# Exercise prompt
The whole listing needs to be written out exactly, except for any images.

# Material shown
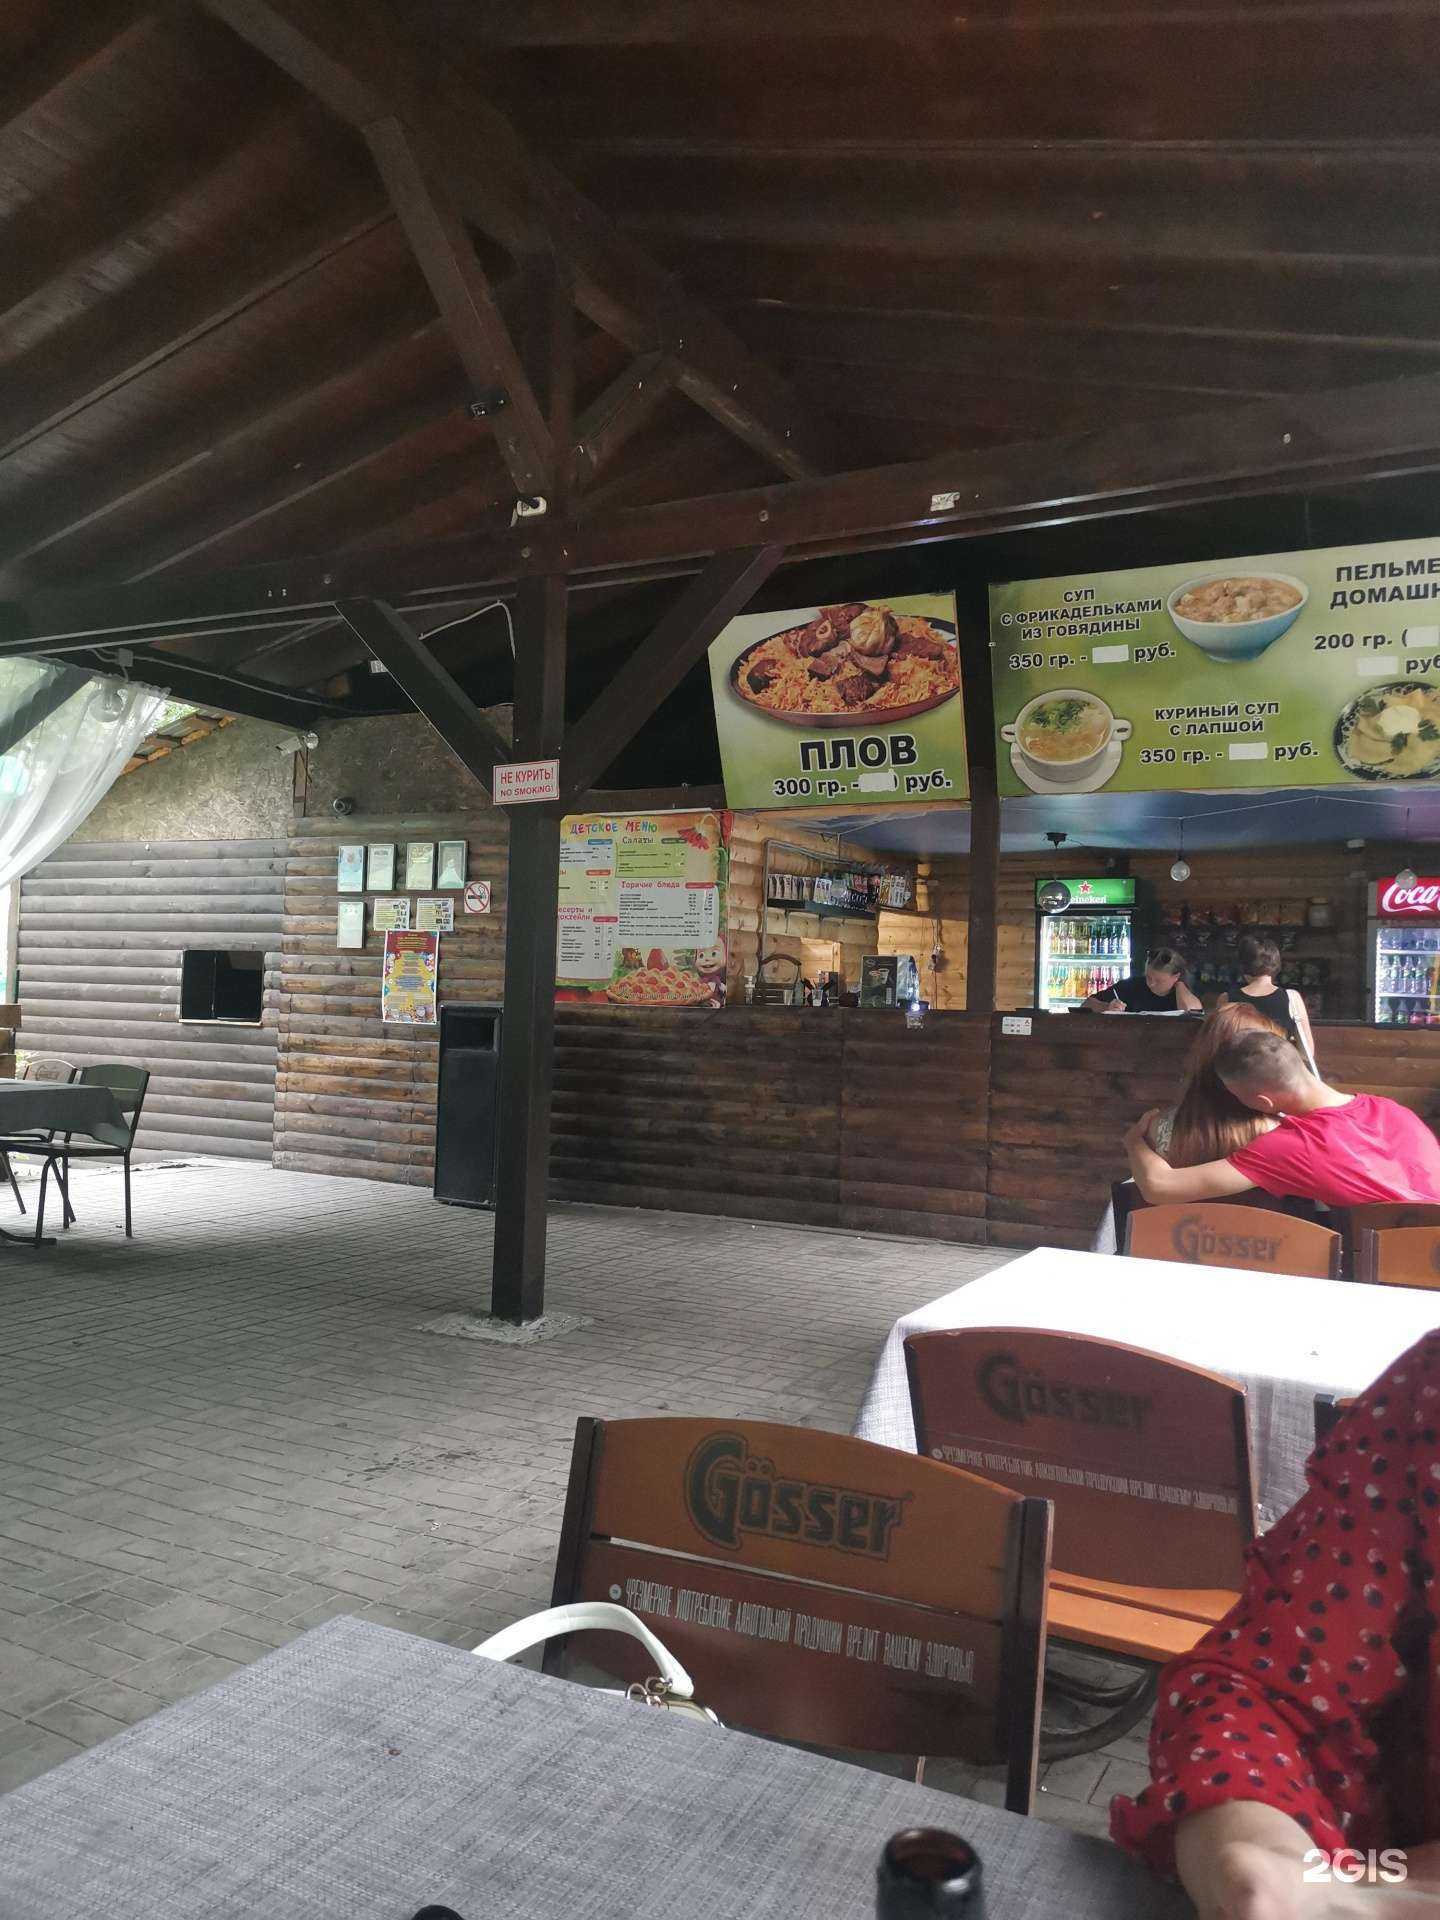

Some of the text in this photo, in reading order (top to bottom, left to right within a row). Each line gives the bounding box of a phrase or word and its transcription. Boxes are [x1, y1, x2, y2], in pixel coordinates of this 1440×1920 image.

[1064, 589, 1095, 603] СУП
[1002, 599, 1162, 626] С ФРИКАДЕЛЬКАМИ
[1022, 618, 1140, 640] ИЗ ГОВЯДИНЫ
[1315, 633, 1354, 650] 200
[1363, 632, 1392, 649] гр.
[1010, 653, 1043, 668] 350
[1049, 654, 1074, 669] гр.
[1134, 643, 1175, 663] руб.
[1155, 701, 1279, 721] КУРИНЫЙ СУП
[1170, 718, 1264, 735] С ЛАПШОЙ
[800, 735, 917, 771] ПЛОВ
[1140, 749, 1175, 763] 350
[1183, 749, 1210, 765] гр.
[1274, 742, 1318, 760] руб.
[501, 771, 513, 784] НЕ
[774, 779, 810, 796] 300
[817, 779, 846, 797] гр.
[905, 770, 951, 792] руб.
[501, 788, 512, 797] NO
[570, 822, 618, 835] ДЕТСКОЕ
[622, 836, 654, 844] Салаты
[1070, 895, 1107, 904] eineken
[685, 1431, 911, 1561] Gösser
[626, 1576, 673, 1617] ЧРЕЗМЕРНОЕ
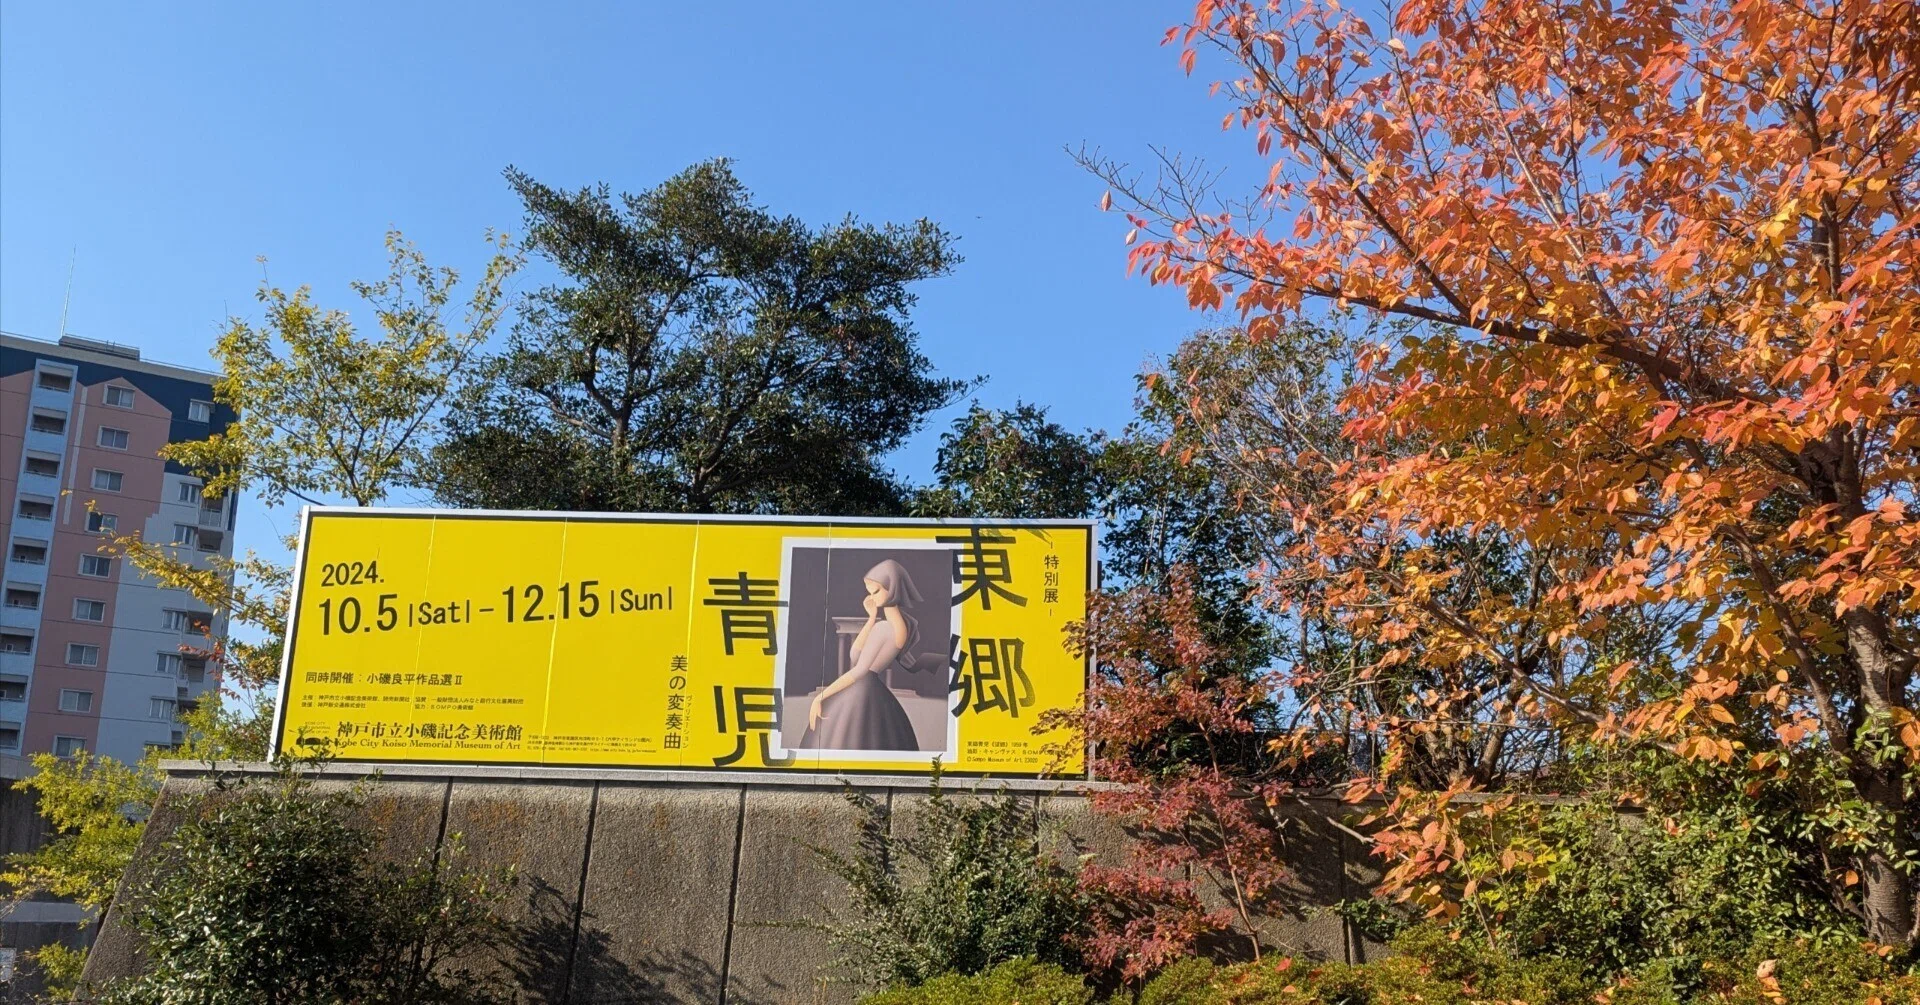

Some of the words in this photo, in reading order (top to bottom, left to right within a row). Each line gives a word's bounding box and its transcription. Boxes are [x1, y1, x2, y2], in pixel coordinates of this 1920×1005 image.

# Answer box
Some of the text in this photo, in reading order (top to bottom, left to right within a row). Each line gives the bounding box of a phrase or word and its transcription. Boxes are [x1, y1, x2, y2], in pixel coordinates of this 1440×1920 image.

[1064, 589, 1095, 603] СУП
[1002, 599, 1162, 626] С ФРИКАДЕЛЬКАМИ
[1022, 618, 1140, 640] ИЗ ГОВЯДИНЫ
[1315, 633, 1354, 650] 200
[1363, 632, 1392, 649] гр.
[1010, 653, 1043, 668] 350
[1049, 654, 1074, 669] гр.
[1134, 643, 1175, 663] руб.
[1155, 701, 1279, 721] КУРИНЫЙ СУП
[1170, 718, 1264, 735] С ЛАПШОЙ
[800, 735, 917, 771] ПЛОВ
[1140, 749, 1175, 763] 350
[1183, 749, 1210, 765] гр.
[1274, 742, 1318, 760] руб.
[501, 771, 513, 784] НЕ
[774, 779, 810, 796] 300
[817, 779, 846, 797] гр.
[905, 770, 951, 792] руб.
[501, 788, 512, 797] NO
[570, 822, 618, 835] ДЕТСКОЕ
[622, 836, 654, 844] Салаты
[1070, 895, 1107, 904] eineken
[685, 1431, 911, 1561] Gösser
[626, 1576, 673, 1617] ЧРЕЗМЕРНОЕ

Some of the words in this photo, in reading order (top to bottom, left to right within a row). Each line gives a word's bounding box and its transcription. Boxes are [x1, y1, x2, y2], in pixel coordinates of this 1920×1005 image.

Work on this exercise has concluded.